(Beginning of Exercise input)

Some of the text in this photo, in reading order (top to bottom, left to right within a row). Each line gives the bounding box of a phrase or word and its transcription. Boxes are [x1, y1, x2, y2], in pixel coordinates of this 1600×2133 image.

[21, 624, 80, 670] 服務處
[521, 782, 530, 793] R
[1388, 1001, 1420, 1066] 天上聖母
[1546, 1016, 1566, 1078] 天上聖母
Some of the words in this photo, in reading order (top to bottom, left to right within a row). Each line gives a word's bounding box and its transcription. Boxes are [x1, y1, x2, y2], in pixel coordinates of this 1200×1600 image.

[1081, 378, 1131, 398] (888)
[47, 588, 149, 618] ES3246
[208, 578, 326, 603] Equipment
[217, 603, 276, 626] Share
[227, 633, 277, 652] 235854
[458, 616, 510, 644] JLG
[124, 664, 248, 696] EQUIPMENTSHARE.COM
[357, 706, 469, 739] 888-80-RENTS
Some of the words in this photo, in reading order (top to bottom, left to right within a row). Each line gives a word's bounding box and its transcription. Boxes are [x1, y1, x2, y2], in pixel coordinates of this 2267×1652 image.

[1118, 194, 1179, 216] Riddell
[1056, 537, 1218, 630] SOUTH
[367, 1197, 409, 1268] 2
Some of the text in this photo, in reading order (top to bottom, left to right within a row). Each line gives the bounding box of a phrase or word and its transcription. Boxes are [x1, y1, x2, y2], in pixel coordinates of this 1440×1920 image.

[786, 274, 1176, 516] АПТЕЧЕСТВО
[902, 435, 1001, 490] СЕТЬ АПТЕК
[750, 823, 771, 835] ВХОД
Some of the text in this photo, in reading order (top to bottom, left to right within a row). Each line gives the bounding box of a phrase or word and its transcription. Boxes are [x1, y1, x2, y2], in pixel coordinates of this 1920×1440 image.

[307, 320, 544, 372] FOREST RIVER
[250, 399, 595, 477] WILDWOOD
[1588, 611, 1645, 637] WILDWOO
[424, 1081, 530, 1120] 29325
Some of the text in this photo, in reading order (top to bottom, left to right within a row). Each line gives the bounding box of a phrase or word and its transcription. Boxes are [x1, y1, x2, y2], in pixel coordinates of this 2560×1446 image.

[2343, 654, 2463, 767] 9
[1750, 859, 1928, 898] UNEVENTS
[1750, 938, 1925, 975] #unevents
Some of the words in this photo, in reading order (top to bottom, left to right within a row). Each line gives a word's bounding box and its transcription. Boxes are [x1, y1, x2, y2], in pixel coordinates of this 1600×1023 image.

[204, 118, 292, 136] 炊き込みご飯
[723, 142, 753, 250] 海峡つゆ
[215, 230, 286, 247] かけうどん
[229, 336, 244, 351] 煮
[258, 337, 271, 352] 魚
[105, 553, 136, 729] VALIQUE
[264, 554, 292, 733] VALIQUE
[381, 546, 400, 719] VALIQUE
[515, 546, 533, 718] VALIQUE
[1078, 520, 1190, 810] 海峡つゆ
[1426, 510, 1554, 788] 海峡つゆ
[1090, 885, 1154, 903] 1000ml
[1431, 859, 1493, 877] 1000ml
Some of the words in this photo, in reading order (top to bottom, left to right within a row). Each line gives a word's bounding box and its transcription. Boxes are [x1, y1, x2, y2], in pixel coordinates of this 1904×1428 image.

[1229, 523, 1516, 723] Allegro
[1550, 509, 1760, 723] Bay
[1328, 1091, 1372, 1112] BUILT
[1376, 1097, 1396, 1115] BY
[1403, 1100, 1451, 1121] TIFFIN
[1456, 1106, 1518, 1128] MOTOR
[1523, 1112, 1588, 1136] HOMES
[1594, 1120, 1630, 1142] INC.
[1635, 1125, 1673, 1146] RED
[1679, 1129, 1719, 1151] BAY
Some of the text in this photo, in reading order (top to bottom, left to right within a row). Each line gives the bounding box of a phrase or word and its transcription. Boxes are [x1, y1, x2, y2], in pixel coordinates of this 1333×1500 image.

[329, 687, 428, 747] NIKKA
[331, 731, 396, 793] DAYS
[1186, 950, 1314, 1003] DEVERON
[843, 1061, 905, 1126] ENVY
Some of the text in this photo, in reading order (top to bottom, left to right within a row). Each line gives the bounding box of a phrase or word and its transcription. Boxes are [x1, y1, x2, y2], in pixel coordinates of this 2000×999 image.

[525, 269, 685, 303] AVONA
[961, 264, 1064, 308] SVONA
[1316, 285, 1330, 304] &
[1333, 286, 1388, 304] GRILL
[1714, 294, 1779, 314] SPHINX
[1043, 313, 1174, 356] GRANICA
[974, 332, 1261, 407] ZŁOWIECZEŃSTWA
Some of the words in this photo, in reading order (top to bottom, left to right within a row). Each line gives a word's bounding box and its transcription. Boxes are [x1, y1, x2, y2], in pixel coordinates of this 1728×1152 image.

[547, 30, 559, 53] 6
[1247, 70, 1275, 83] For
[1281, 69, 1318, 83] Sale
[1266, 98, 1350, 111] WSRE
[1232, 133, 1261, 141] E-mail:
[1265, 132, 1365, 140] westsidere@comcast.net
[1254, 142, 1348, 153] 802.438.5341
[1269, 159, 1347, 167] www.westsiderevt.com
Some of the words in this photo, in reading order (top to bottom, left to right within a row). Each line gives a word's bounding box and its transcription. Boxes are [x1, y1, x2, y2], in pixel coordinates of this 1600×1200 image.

(End of Exercise input)

◆ **Task to carry out**: Each record above should be given again exactly as it appears.

◆ **Exercise answer**:
Some of the text in this photo, in reading order (top to bottom, left to right within a row). Each line gives the bounding box of a phrase or word and its transcription. Boxes are [x1, y1, x2, y2], in pixel coordinates of this 1600×2133 image.

[21, 624, 80, 670] 服務處
[521, 782, 530, 793] R
[1388, 1001, 1420, 1066] 天上聖母
[1546, 1016, 1566, 1078] 天上聖母
Some of the words in this photo, in reading order (top to bottom, left to right within a row). Each line gives a word's bounding box and its transcription. Boxes are [x1, y1, x2, y2], in pixel coordinates of this 1200×1600 image.

[1081, 378, 1131, 398] (888)
[47, 588, 149, 618] ES3246
[208, 578, 326, 603] Equipment
[217, 603, 276, 626] Share
[227, 633, 277, 652] 235854
[458, 616, 510, 644] JLG
[124, 664, 248, 696] EQUIPMENTSHARE.COM
[357, 706, 469, 739] 888-80-RENTS
Some of the words in this photo, in reading order (top to bottom, left to right within a row). Each line gives a word's bounding box and its transcription. Boxes are [x1, y1, x2, y2], in pixel coordinates of this 2267×1652 image.

[1118, 194, 1179, 216] Riddell
[1056, 537, 1218, 630] SOUTH
[367, 1197, 409, 1268] 2
Some of the text in this photo, in reading order (top to bottom, left to right within a row). Each line gives the bounding box of a phrase or word and its transcription. Boxes are [x1, y1, x2, y2], in pixel coordinates of this 1440×1920 image.

[786, 274, 1176, 516] АПТЕЧЕСТВО
[902, 435, 1001, 490] СЕТЬ АПТЕК
[750, 823, 771, 835] ВХОД
Some of the text in this photo, in reading order (top to bottom, left to right within a row). Each line gives the bounding box of a phrase or word and its transcription. Boxes are [x1, y1, x2, y2], in pixel coordinates of this 1920×1440 image.

[307, 320, 544, 372] FOREST RIVER
[250, 399, 595, 477] WILDWOOD
[1588, 611, 1645, 637] WILDWOO
[424, 1081, 530, 1120] 29325
Some of the text in this photo, in reading order (top to bottom, left to right within a row). Each line gives the bounding box of a phrase or word and its transcription. Boxes are [x1, y1, x2, y2], in pixel coordinates of this 2560×1446 image.

[2343, 654, 2463, 767] 9
[1750, 859, 1928, 898] UNEVENTS
[1750, 938, 1925, 975] #unevents
Some of the words in this photo, in reading order (top to bottom, left to right within a row). Each line gives a word's bounding box and its transcription. Boxes are [x1, y1, x2, y2], in pixel coordinates of this 1600×1023 image.

[204, 118, 292, 136] 炊き込みご飯
[723, 142, 753, 250] 海峡つゆ
[215, 230, 286, 247] かけうどん
[229, 336, 244, 351] 煮
[258, 337, 271, 352] 魚
[105, 553, 136, 729] VALIQUE
[264, 554, 292, 733] VALIQUE
[381, 546, 400, 719] VALIQUE
[515, 546, 533, 718] VALIQUE
[1078, 520, 1190, 810] 海峡つゆ
[1426, 510, 1554, 788] 海峡つゆ
[1090, 885, 1154, 903] 1000ml
[1431, 859, 1493, 877] 1000ml
Some of the words in this photo, in reading order (top to bottom, left to right within a row). Each line gives a word's bounding box and its transcription. Boxes are [x1, y1, x2, y2], in pixel coordinates of this 1904×1428 image.

[1229, 523, 1516, 723] Allegro
[1550, 509, 1760, 723] Bay
[1328, 1091, 1372, 1112] BUILT
[1376, 1097, 1396, 1115] BY
[1403, 1100, 1451, 1121] TIFFIN
[1456, 1106, 1518, 1128] MOTOR
[1523, 1112, 1588, 1136] HOMES
[1594, 1120, 1630, 1142] INC.
[1635, 1125, 1673, 1146] RED
[1679, 1129, 1719, 1151] BAY
Some of the text in this photo, in reading order (top to bottom, left to right within a row). Each line gives the bounding box of a phrase or word and its transcription. Boxes are [x1, y1, x2, y2], in pixel coordinates of this 1333×1500 image.

[329, 687, 428, 747] NIKKA
[331, 731, 396, 793] DAYS
[1186, 950, 1314, 1003] DEVERON
[843, 1061, 905, 1126] ENVY
Some of the text in this photo, in reading order (top to bottom, left to right within a row). Each line gives the bounding box of a phrase or word and its transcription. Boxes are [x1, y1, x2, y2], in pixel coordinates of this 2000×999 image.

[525, 269, 685, 303] AVONA
[961, 264, 1064, 308] SVONA
[1316, 285, 1330, 304] &
[1333, 286, 1388, 304] GRILL
[1714, 294, 1779, 314] SPHINX
[1043, 313, 1174, 356] GRANICA
[974, 332, 1261, 407] ZŁOWIECZEŃSTWA
Some of the words in this photo, in reading order (top to bottom, left to right within a row). Each line gives a word's bounding box and its transcription. Boxes are [x1, y1, x2, y2], in pixel coordinates of this 1728×1152 image.

[547, 30, 559, 53] 6
[1247, 70, 1275, 83] For
[1281, 69, 1318, 83] Sale
[1266, 98, 1350, 111] WSRE
[1232, 133, 1261, 141] E-mail:
[1265, 132, 1365, 140] westsidere@comcast.net
[1254, 142, 1348, 153] 802.438.5341
[1269, 159, 1347, 167] www.westsiderevt.com
Some of the words in this photo, in reading order (top to bottom, left to right within a row). Each line gives a word's bounding box and its transcription. Boxes are [x1, y1, x2, y2], in pixel coordinates of this 1600×1200 image.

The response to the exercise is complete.